■ **Aim of the exercise**:
Repeat all entries word for word; skip images.

(Dataset entries)
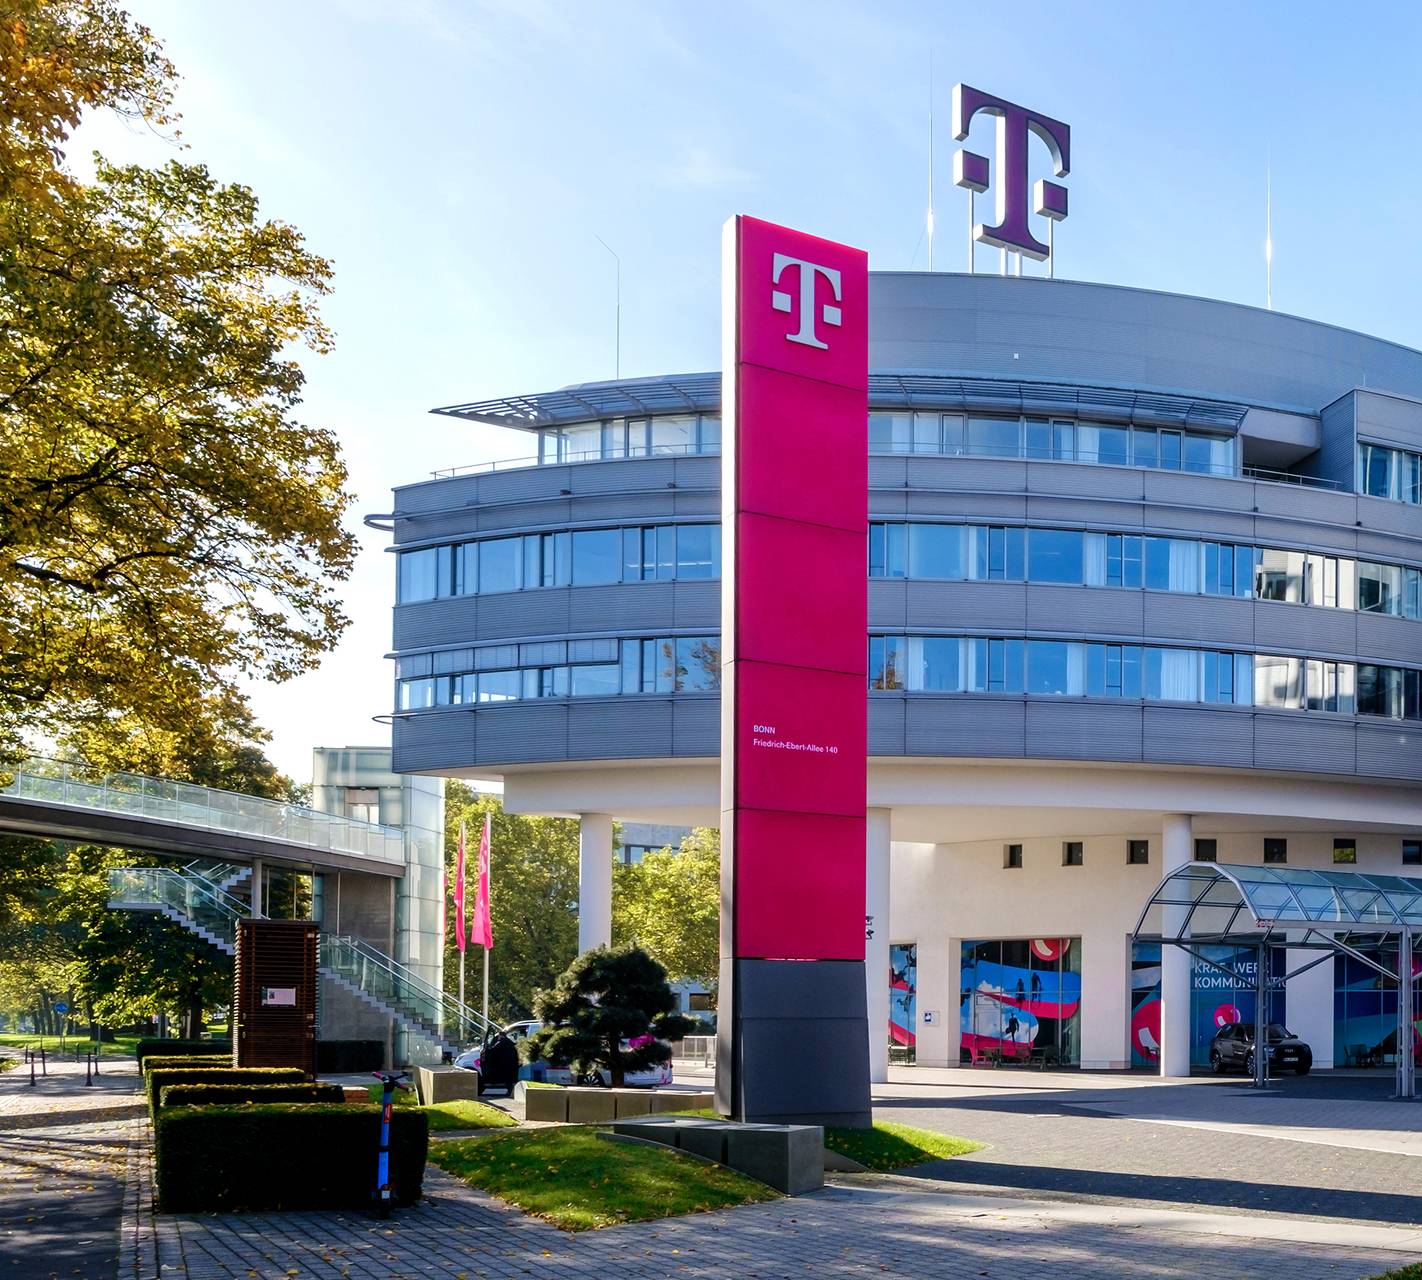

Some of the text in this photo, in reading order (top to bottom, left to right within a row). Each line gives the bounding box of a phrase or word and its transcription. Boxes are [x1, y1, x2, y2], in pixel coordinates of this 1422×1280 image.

[952, 83, 1071, 262] T
[772, 252, 842, 350] T
[753, 724, 776, 734] BONN
[753, 738, 838, 754] Friedrich-Ebert-Allee 140
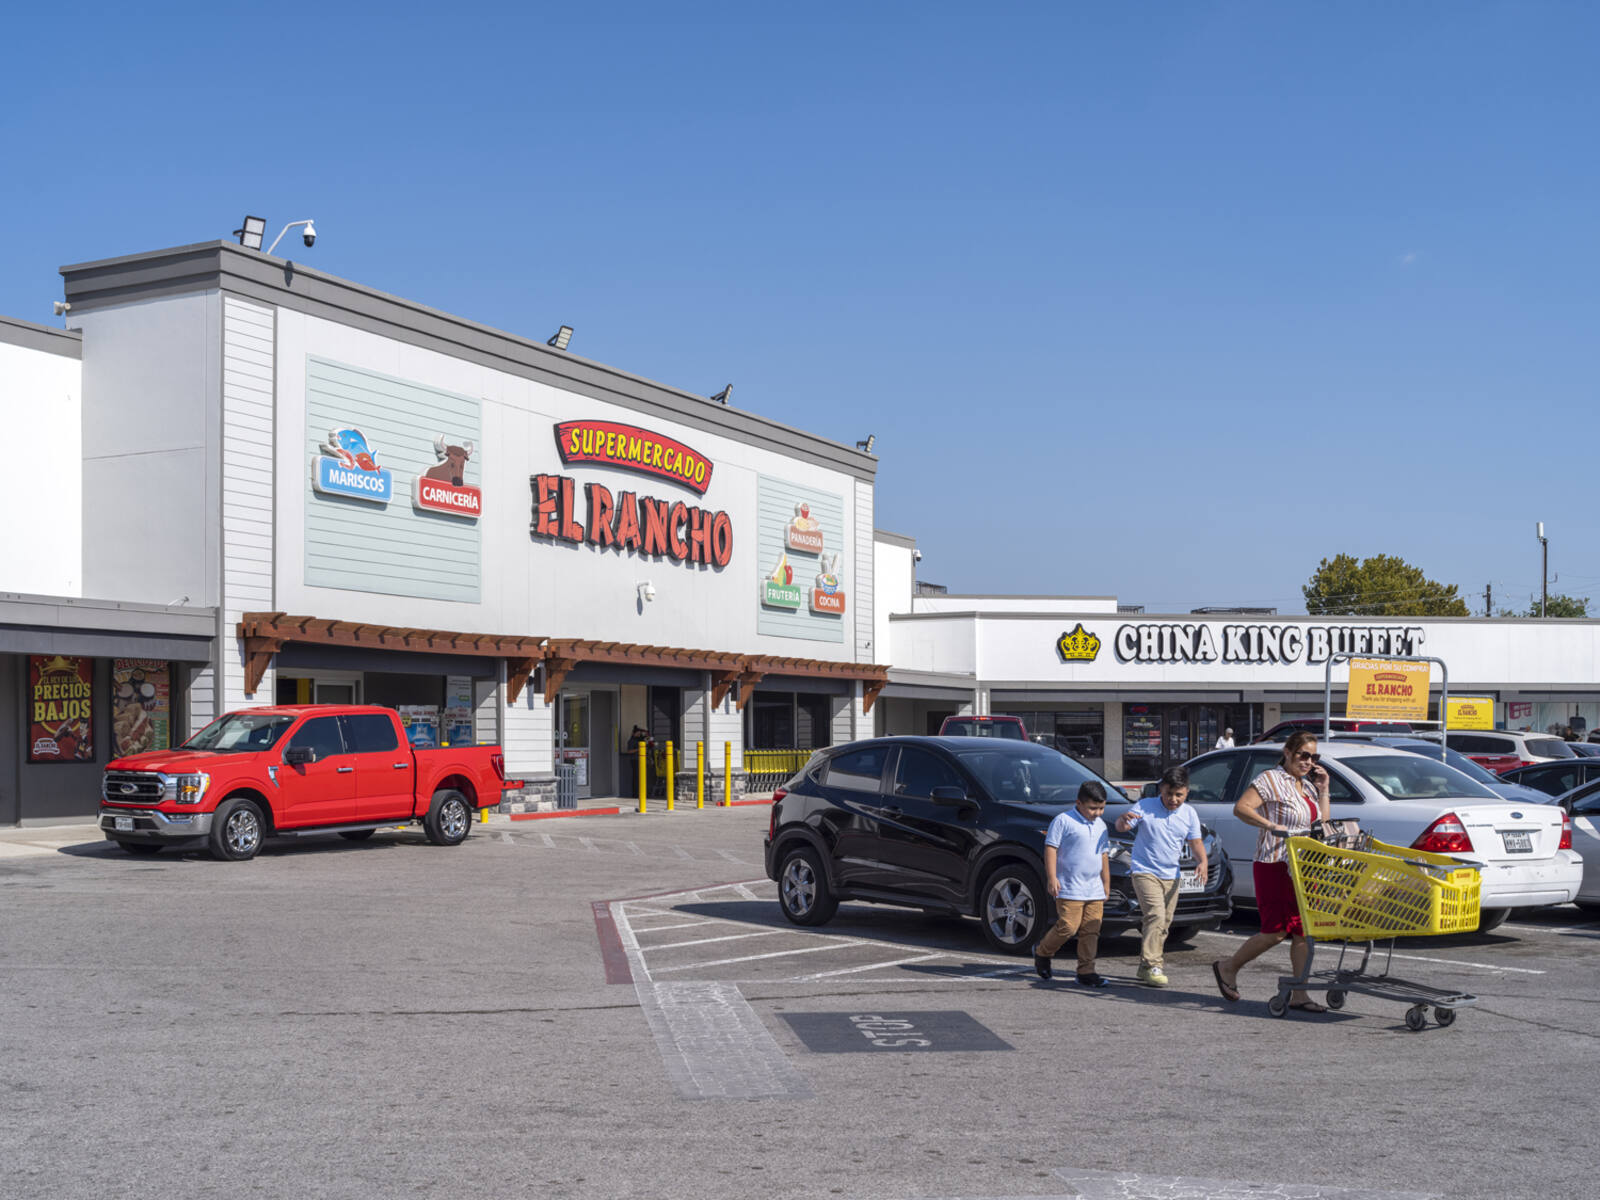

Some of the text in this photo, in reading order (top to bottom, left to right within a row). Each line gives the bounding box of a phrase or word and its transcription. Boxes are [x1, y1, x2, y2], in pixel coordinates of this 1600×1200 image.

[568, 427, 706, 484] SUPERMERCADO
[329, 468, 385, 493] MARISCOS
[422, 486, 479, 510] CARNICERÍA
[533, 474, 733, 567] EL RANCHO
[767, 588, 800, 603] FRUTERÍA
[819, 595, 840, 608] COCINA
[1116, 624, 1425, 662] CHINA KING BUFFET
[34, 682, 91, 700] PRECIOS
[1366, 683, 1413, 697] EL RANCHO
[34, 699, 91, 722] BAJOS
[849, 1014, 932, 1047] STOP
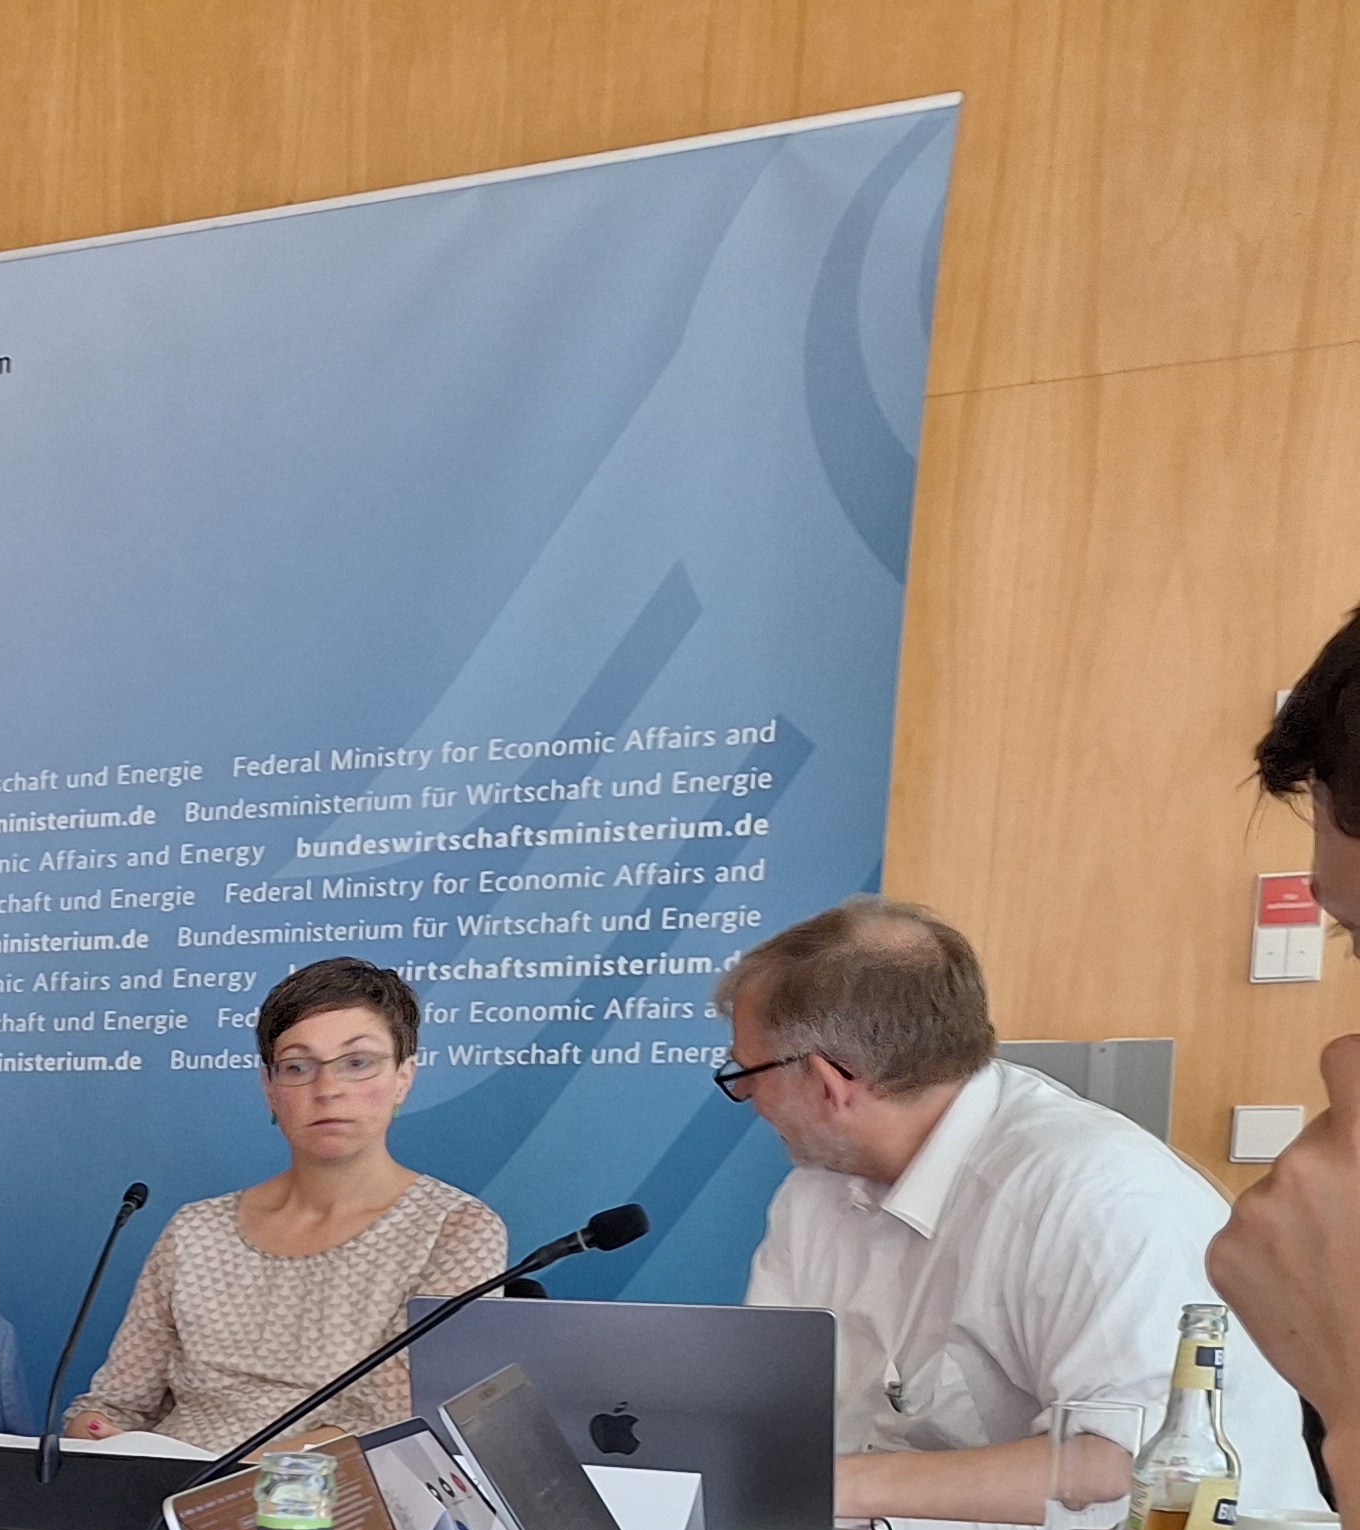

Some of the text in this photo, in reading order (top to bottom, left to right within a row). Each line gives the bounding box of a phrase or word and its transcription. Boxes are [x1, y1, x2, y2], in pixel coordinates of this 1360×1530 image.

[67, 768, 108, 789] und
[117, 761, 203, 786] Energie
[233, 751, 321, 778] Federal
[330, 744, 433, 772] Ministry
[442, 741, 479, 765] for
[488, 731, 616, 761] Economic
[624, 724, 717, 752] Affairs
[725, 720, 777, 746] and
[185, 790, 412, 823] Bundesministerium
[421, 786, 457, 809] für
[466, 776, 603, 806] Wirtschaft
[612, 773, 662, 797] und
[672, 768, 773, 796] Energie
[39, 848, 118, 872] Affairs
[127, 845, 169, 867] and
[180, 843, 265, 867] Energy
[296, 813, 770, 858] bundeswirtschaftsministerium.de
[60, 889, 101, 910] und
[110, 887, 195, 909] Energie
[224, 880, 313, 903] Federal
[322, 874, 424, 902] Ministry
[433, 872, 470, 895] for
[479, 866, 606, 892] Economic
[613, 860, 705, 887] Affairs
[715, 858, 765, 883] and
[178, 919, 403, 947] Bundesministerium
[412, 918, 448, 939] für
[457, 911, 592, 936] Wirtschaft
[601, 908, 651, 933] und
[661, 905, 762, 931] Energie
[33, 969, 111, 993] Affairs
[119, 968, 163, 990] and
[173, 967, 257, 991] Energy
[53, 1010, 96, 1032] und
[103, 1008, 188, 1034] Energie
[424, 1001, 460, 1023] for
[469, 999, 595, 1023] Economic
[603, 996, 695, 1021] Affairs
[417, 1046, 439, 1066] ür
[448, 1044, 582, 1067] Wirtschaft
[590, 1043, 641, 1064] und
[651, 1041, 733, 1068] Energ
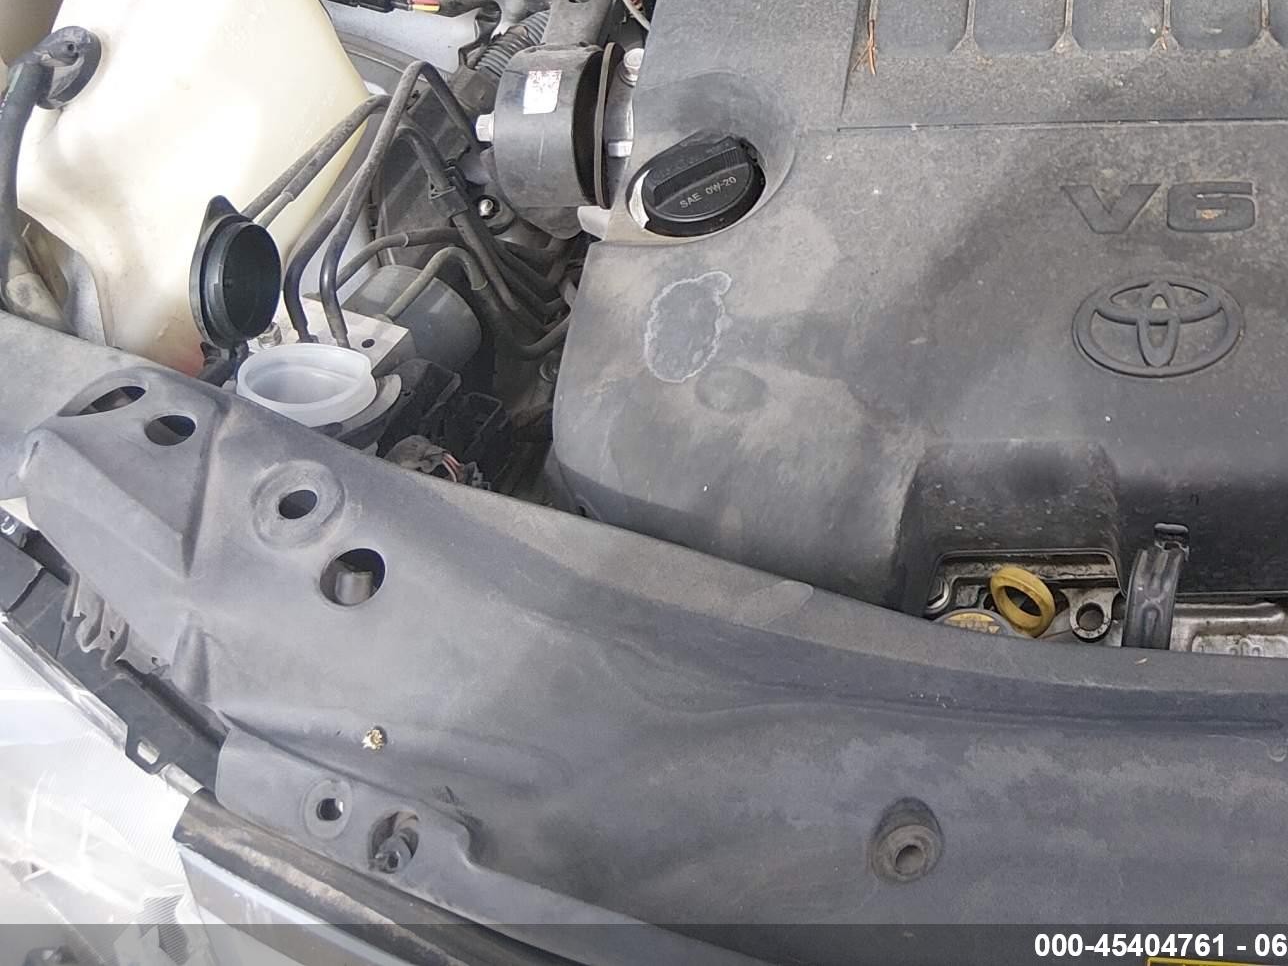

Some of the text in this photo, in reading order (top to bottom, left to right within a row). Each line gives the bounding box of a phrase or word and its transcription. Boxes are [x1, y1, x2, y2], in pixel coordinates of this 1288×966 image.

[680, 176, 737, 208] SAE 0W-20
[1060, 181, 1257, 235] V6
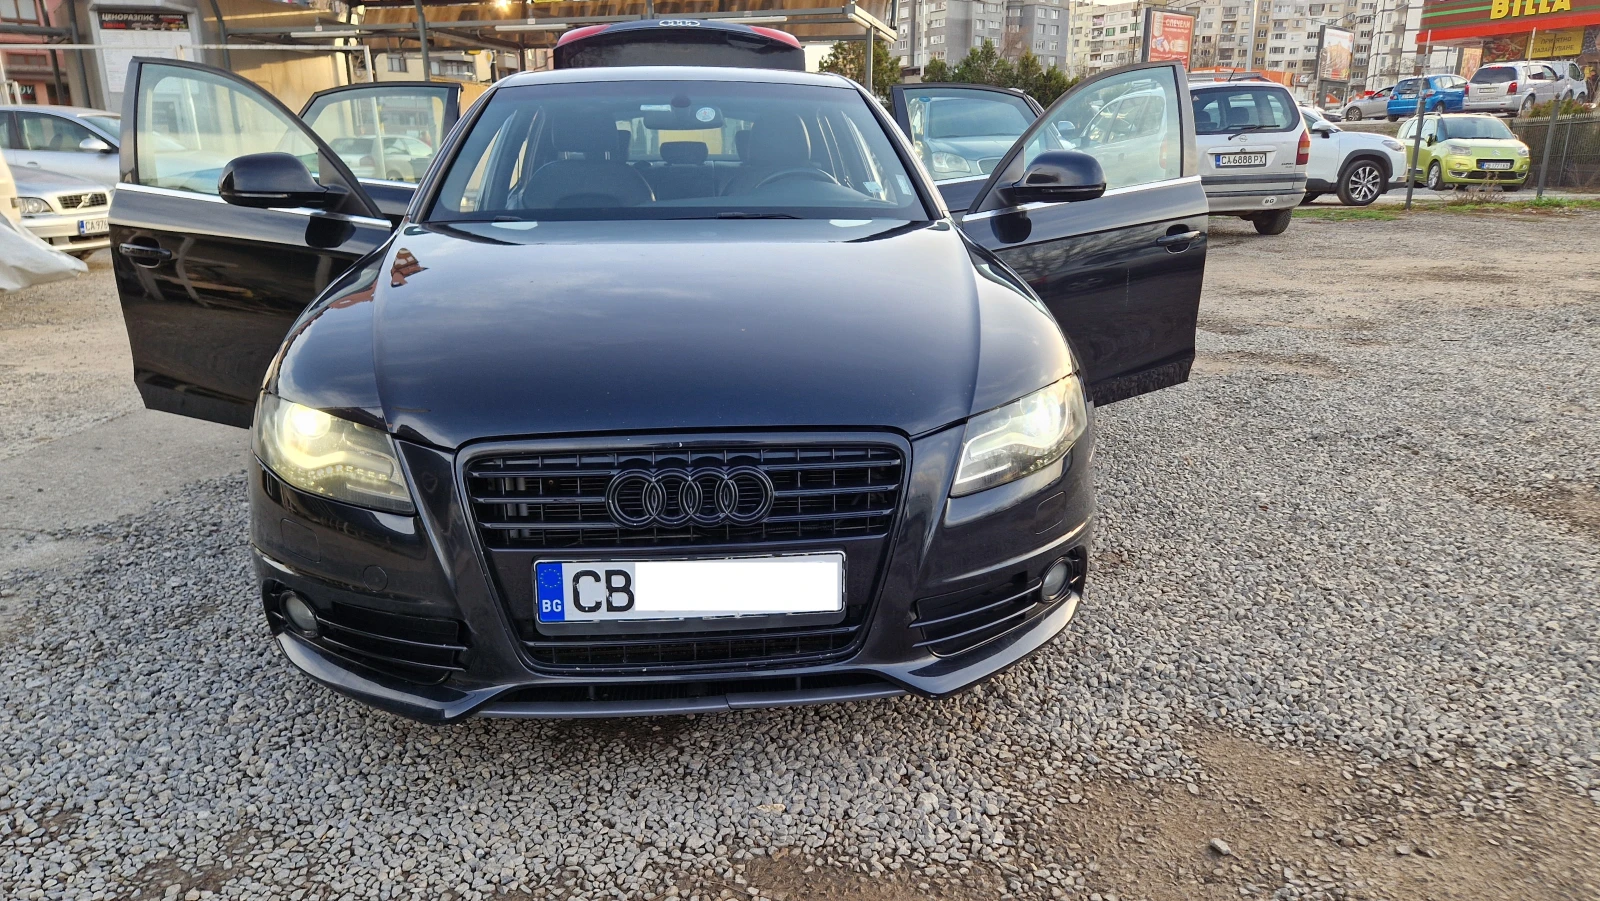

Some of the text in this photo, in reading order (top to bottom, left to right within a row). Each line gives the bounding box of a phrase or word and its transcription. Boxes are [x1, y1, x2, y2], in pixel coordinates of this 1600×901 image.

[102, 13, 154, 21] ЦЕНОРАЗПИС
[1490, 0, 1570, 19] BILLA
[572, 569, 635, 613] CB
[541, 599, 562, 613] BG

■ **Response to this task**:
Some of the text in this photo, in reading order (top to bottom, left to right within a row). Each line gives the bounding box of a phrase or word and its transcription. Boxes are [x1, y1, x2, y2], in pixel coordinates of this 1422×1280 image.

[952, 83, 1071, 262] T
[772, 252, 842, 350] T
[753, 724, 776, 734] BONN
[753, 738, 838, 754] Friedrich-Ebert-Allee 140

Some of the text in this photo, in reading order (top to bottom, left to right within a row). Each line gives the bounding box of a phrase or word and its transcription. Boxes are [x1, y1, x2, y2], in pixel coordinates of this 1600×1200 image.

[568, 427, 706, 484] SUPERMERCADO
[329, 468, 385, 493] MARISCOS
[422, 486, 479, 510] CARNICERÍA
[533, 474, 733, 567] EL RANCHO
[767, 588, 800, 603] FRUTERÍA
[819, 595, 840, 608] COCINA
[1116, 624, 1425, 662] CHINA KING BUFFET
[34, 682, 91, 700] PRECIOS
[1366, 683, 1413, 697] EL RANCHO
[34, 699, 91, 722] BAJOS
[849, 1014, 932, 1047] STOP

Some of the text in this photo, in reading order (top to bottom, left to right within a row). Each line gives the bounding box of a phrase or word and its transcription. Boxes are [x1, y1, x2, y2], in pixel coordinates of this 1360×1530 image.

[67, 768, 108, 789] und
[117, 761, 203, 786] Energie
[233, 751, 321, 778] Federal
[330, 744, 433, 772] Ministry
[442, 741, 479, 765] for
[488, 731, 616, 761] Economic
[624, 724, 717, 752] Affairs
[725, 720, 777, 746] and
[185, 790, 412, 823] Bundesministerium
[421, 786, 457, 809] für
[466, 776, 603, 806] Wirtschaft
[612, 773, 662, 797] und
[672, 768, 773, 796] Energie
[39, 848, 118, 872] Affairs
[127, 845, 169, 867] and
[180, 843, 265, 867] Energy
[296, 813, 770, 858] bundeswirtschaftsministerium.de
[60, 889, 101, 910] und
[110, 887, 195, 909] Energie
[224, 880, 313, 903] Federal
[322, 874, 424, 902] Ministry
[433, 872, 470, 895] for
[479, 866, 606, 892] Economic
[613, 860, 705, 887] Affairs
[715, 858, 765, 883] and
[178, 919, 403, 947] Bundesministerium
[412, 918, 448, 939] für
[457, 911, 592, 936] Wirtschaft
[601, 908, 651, 933] und
[661, 905, 762, 931] Energie
[33, 969, 111, 993] Affairs
[119, 968, 163, 990] and
[173, 967, 257, 991] Energy
[53, 1010, 96, 1032] und
[103, 1008, 188, 1034] Energie
[424, 1001, 460, 1023] for
[469, 999, 595, 1023] Economic
[603, 996, 695, 1021] Affairs
[417, 1046, 439, 1066] ür
[448, 1044, 582, 1067] Wirtschaft
[590, 1043, 641, 1064] und
[651, 1041, 733, 1068] Energ

Some of the text in this photo, in reading order (top to bottom, left to right within a row). Each line gives the bounding box of a phrase or word and its transcription. Boxes are [x1, y1, x2, y2], in pixel coordinates of this 1288×966 image.

[680, 176, 737, 208] SAE 0W-20
[1060, 181, 1257, 235] V6

Some of the text in this photo, in reading order (top to bottom, left to right within a row). Each line gives the bounding box of a phrase or word and its transcription. Boxes are [x1, y1, x2, y2], in pixel coordinates of this 1600×901 image.

[102, 13, 154, 21] ЦЕНОРАЗПИС
[1490, 0, 1570, 19] BILLA
[572, 569, 635, 613] CB
[541, 599, 562, 613] BG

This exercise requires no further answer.